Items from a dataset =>
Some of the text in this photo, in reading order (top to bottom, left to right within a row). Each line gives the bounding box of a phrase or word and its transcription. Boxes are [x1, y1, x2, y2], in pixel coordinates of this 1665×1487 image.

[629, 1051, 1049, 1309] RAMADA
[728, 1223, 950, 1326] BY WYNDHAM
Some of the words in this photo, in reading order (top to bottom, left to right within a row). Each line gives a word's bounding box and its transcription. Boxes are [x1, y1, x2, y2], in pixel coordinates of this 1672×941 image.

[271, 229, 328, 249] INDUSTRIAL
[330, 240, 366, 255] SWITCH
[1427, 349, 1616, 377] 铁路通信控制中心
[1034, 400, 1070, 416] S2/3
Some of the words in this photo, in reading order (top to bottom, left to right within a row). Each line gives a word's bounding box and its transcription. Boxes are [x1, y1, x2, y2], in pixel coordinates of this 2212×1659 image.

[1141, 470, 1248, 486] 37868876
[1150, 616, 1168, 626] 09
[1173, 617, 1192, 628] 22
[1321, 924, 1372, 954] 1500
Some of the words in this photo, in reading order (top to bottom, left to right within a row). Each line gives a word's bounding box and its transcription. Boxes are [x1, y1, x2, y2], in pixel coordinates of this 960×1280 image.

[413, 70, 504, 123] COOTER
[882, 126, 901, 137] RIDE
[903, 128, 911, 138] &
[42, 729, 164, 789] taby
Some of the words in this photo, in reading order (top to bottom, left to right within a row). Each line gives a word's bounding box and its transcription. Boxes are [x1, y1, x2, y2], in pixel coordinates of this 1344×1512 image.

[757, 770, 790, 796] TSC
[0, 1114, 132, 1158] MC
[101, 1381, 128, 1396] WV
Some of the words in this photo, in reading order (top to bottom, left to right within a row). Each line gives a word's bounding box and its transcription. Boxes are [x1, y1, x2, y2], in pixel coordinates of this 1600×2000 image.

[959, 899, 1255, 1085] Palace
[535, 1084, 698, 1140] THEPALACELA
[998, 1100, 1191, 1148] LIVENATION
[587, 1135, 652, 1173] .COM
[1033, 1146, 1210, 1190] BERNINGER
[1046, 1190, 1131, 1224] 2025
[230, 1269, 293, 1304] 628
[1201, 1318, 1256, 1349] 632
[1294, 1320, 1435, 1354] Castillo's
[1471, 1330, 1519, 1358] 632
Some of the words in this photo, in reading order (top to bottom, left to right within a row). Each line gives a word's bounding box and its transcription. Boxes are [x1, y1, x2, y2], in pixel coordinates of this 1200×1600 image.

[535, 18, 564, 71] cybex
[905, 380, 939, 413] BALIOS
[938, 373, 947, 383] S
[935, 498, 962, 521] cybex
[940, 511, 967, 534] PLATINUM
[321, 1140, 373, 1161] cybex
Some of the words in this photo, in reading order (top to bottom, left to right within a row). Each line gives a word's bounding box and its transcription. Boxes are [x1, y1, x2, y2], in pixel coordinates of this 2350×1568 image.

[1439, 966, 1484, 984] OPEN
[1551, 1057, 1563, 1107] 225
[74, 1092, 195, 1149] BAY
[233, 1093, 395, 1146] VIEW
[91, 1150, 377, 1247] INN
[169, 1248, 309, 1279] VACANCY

Work instructions =>
Nothing in the records above may be left out; repeat them exactly.

Result of the task =>
Some of the text in this photo, in reading order (top to bottom, left to right within a row). Each line gives the bounding box of a phrase or word and its transcription. Boxes are [x1, y1, x2, y2], in pixel coordinates of this 1665×1487 image.

[629, 1051, 1049, 1309] RAMADA
[728, 1223, 950, 1326] BY WYNDHAM
Some of the words in this photo, in reading order (top to bottom, left to right within a row). Each line gives a word's bounding box and its transcription. Boxes are [x1, y1, x2, y2], in pixel coordinates of this 1672×941 image.

[271, 229, 328, 249] INDUSTRIAL
[330, 240, 366, 255] SWITCH
[1427, 349, 1616, 377] 铁路通信控制中心
[1034, 400, 1070, 416] S2/3
Some of the words in this photo, in reading order (top to bottom, left to right within a row). Each line gives a word's bounding box and its transcription. Boxes are [x1, y1, x2, y2], in pixel coordinates of this 2212×1659 image.

[1141, 470, 1248, 486] 37868876
[1150, 616, 1168, 626] 09
[1173, 617, 1192, 628] 22
[1321, 924, 1372, 954] 1500
Some of the words in this photo, in reading order (top to bottom, left to right within a row). Each line gives a word's bounding box and its transcription. Boxes are [x1, y1, x2, y2], in pixel coordinates of this 960×1280 image.

[413, 70, 504, 123] COOTER
[882, 126, 901, 137] RIDE
[903, 128, 911, 138] &
[42, 729, 164, 789] taby
Some of the words in this photo, in reading order (top to bottom, left to right within a row). Each line gives a word's bounding box and its transcription. Boxes are [x1, y1, x2, y2], in pixel coordinates of this 1344×1512 image.

[757, 770, 790, 796] TSC
[0, 1114, 132, 1158] MC
[101, 1381, 128, 1396] WV
Some of the words in this photo, in reading order (top to bottom, left to right within a row). Each line gives a word's bounding box and its transcription. Boxes are [x1, y1, x2, y2], in pixel coordinates of this 1600×2000 image.

[959, 899, 1255, 1085] Palace
[535, 1084, 698, 1140] THEPALACELA
[998, 1100, 1191, 1148] LIVENATION
[587, 1135, 652, 1173] .COM
[1033, 1146, 1210, 1190] BERNINGER
[1046, 1190, 1131, 1224] 2025
[230, 1269, 293, 1304] 628
[1201, 1318, 1256, 1349] 632
[1294, 1320, 1435, 1354] Castillo's
[1471, 1330, 1519, 1358] 632
Some of the words in this photo, in reading order (top to bottom, left to right within a row). Each line gives a word's bounding box and its transcription. Boxes are [x1, y1, x2, y2], in pixel coordinates of this 1200×1600 image.

[535, 18, 564, 71] cybex
[905, 380, 939, 413] BALIOS
[938, 373, 947, 383] S
[935, 498, 962, 521] cybex
[940, 511, 967, 534] PLATINUM
[321, 1140, 373, 1161] cybex
Some of the words in this photo, in reading order (top to bottom, left to right within a row). Each line gives a word's bounding box and its transcription. Boxes are [x1, y1, x2, y2], in pixel coordinates of this 2350×1568 image.

[1439, 966, 1484, 984] OPEN
[1551, 1057, 1563, 1107] 225
[74, 1092, 195, 1149] BAY
[233, 1093, 395, 1146] VIEW
[91, 1150, 377, 1247] INN
[169, 1248, 309, 1279] VACANCY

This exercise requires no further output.